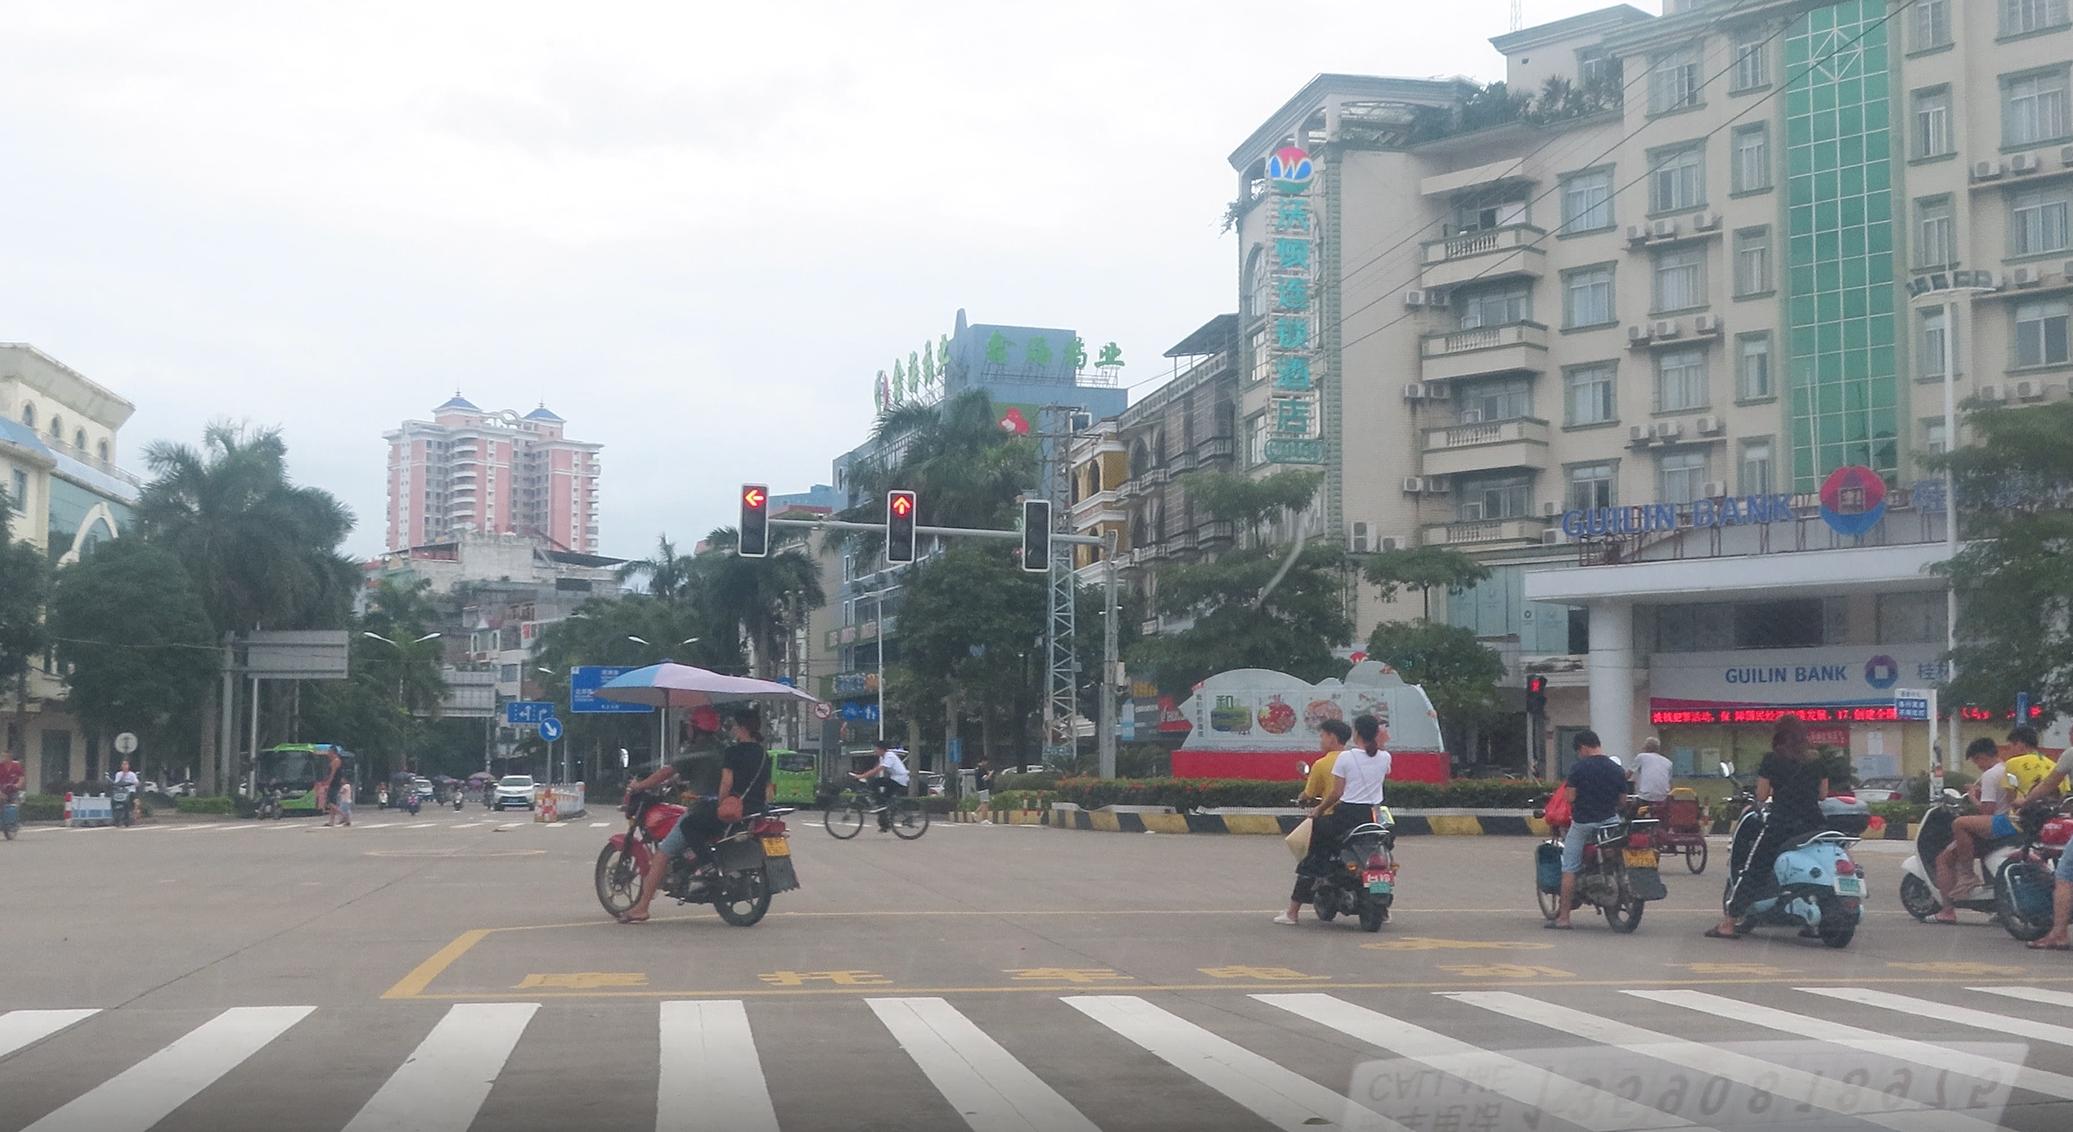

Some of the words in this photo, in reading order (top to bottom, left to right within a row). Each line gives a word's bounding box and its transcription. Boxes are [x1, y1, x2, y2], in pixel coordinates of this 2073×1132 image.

[1562, 502, 1677, 537] GUILIN
[1693, 494, 1794, 528] BANK
[1725, 666, 1787, 684] GUILIN
[1795, 664, 1847, 682] BANK

## WHAT YOU WILL DO
All of the material above must be retyped exactly, line for line, with the images dropped.

## OUTPUT OF THE TASK
Some of the words in this photo, in reading order (top to bottom, left to right within a row). Each line gives a word's bounding box and its transcription. Boxes are [x1, y1, x2, y2], in pixel coordinates of this 2073×1132 image.

[1562, 502, 1677, 537] GUILIN
[1693, 494, 1794, 528] BANK
[1725, 666, 1787, 684] GUILIN
[1795, 664, 1847, 682] BANK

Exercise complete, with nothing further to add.